• Data in this exercise:
■ ■ ■
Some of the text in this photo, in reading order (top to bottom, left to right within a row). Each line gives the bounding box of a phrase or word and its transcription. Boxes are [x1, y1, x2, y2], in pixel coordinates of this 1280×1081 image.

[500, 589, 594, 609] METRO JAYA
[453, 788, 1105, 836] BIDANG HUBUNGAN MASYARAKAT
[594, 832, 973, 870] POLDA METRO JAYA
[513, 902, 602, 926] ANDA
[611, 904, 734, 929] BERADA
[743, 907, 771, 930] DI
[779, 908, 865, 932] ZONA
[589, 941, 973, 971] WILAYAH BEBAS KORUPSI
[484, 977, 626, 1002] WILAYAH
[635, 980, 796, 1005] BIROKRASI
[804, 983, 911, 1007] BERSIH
■ ■ ■
• What to work on: Would you transcribe the records above exactly, leaving nothing out?

• Reply to the task:
Some of the text in this photo, in reading order (top to bottom, left to right within a row). Each line gives the bounding box of a phrase or word and its transcription. Boxes are [x1, y1, x2, y2], in pixel coordinates of this 1280×1081 image.

[500, 589, 594, 609] METRO JAYA
[453, 788, 1105, 836] BIDANG HUBUNGAN MASYARAKAT
[594, 832, 973, 870] POLDA METRO JAYA
[513, 902, 602, 926] ANDA
[611, 904, 734, 929] BERADA
[743, 907, 771, 930] DI
[779, 908, 865, 932] ZONA
[589, 941, 973, 971] WILAYAH BEBAS KORUPSI
[484, 977, 626, 1002] WILAYAH
[635, 980, 796, 1005] BIROKRASI
[804, 983, 911, 1007] BERSIH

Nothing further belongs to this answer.